6.4 Unit Awards. The Committee shall have the authority to determine the Participants to whom fully vested Unit Awards shall be granted, the number of Units to be granted to each such Participant, the conditions under which the Units awarded thereunder may be granted and such other terms and conditions as the Committee may establish respecting such Awards. Upon or as soon as reasonably practicable following the grant of a Unit Award, subject to satisfying the tax withholding obligations of Section 8.2, the Participant shall receive a Unit certificate (or book-entry account, as applicable) so that the Participant then holds an unrestricted Unit.
6.5 General.
(i) Awards May be Granted Separately or Together. Awards may, in the discretion of the Committee, be granted either alone or in addition to, in tandem with, or in substitution for any other Award granted under the Plan or any award granted under any other plan of the Company, the Partnership or any Affiliate. Awards granted in addition to or in tandem with other Awards or awards granted under any other plan of the Company, the Partnership or any Affiliate may be granted either at the same time as or at a different time from the grant of such other Awards or awards.
(ii) Limits on Transfer of Awards. No Award and no right under any such Award may be assigned, alienated, pledged, attached, sold or otherwise transferred or encumbered by a Participant otherwise than by will or by the laws of descent and distribution and any such purported assignment, alienation, pledge, attachment, sale, transfer or encumbrance shall be void and unenforceable against the Company, the Partnership or any Affiliate.
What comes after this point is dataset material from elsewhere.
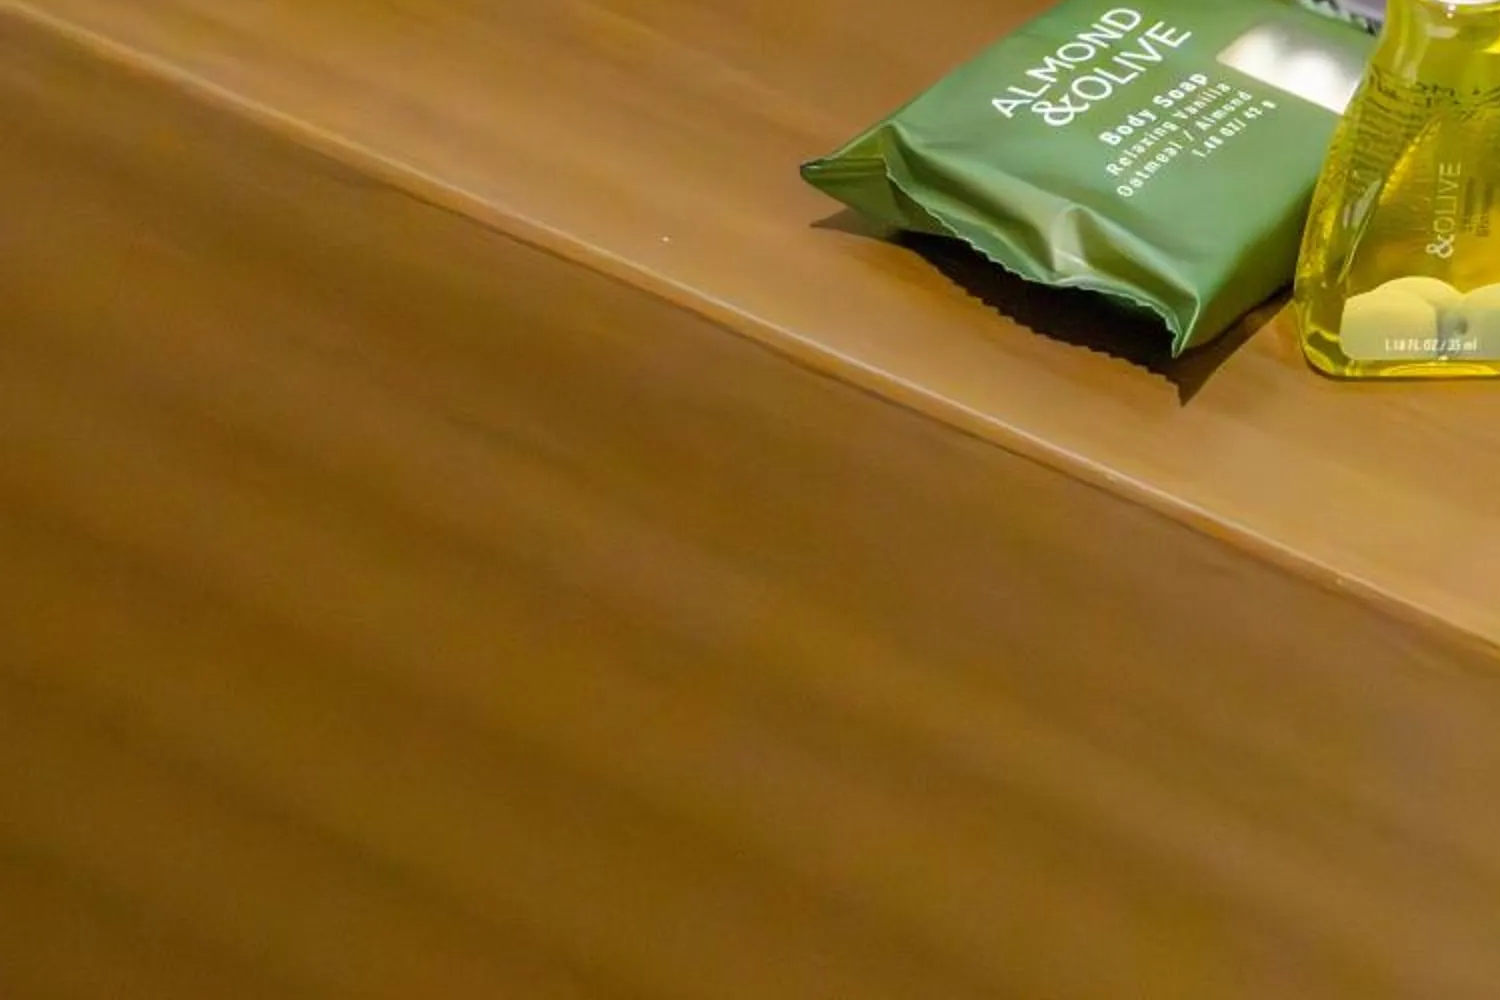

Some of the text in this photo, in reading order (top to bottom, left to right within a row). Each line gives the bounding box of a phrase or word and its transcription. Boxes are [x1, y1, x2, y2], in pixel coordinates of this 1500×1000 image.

(iii) Terms of Awards. Except as otherwise provided herein, the term of each Award shall be for such period as may be determined by the Committee (but shall in no circumstances exceed ten years).
(iv) Unit Issuance. All certificates (or book-entry accounts) for Units or other securities of the Partnership delivered under the Plan pursuant to any Award or the exercise thereof shall be subject to such stop transfer orders and other restrictions as the Committee may deem advisable under the Plan or the rules, regulations and other requirements of the SEC, any stock exchange upon which such Units or other securities are then listed, and any applicable federal or state laws, and the Committee may cause a legend or legends to be put on any such certificates (or book-entry accounts) to make appropriate reference to such restrictions.
(v) Consideration for Grants. Awards may be granted for no cash consideration or for such consideration as the Committee determines including, without limitation, such minimal cash consideration as may be required by applicable law.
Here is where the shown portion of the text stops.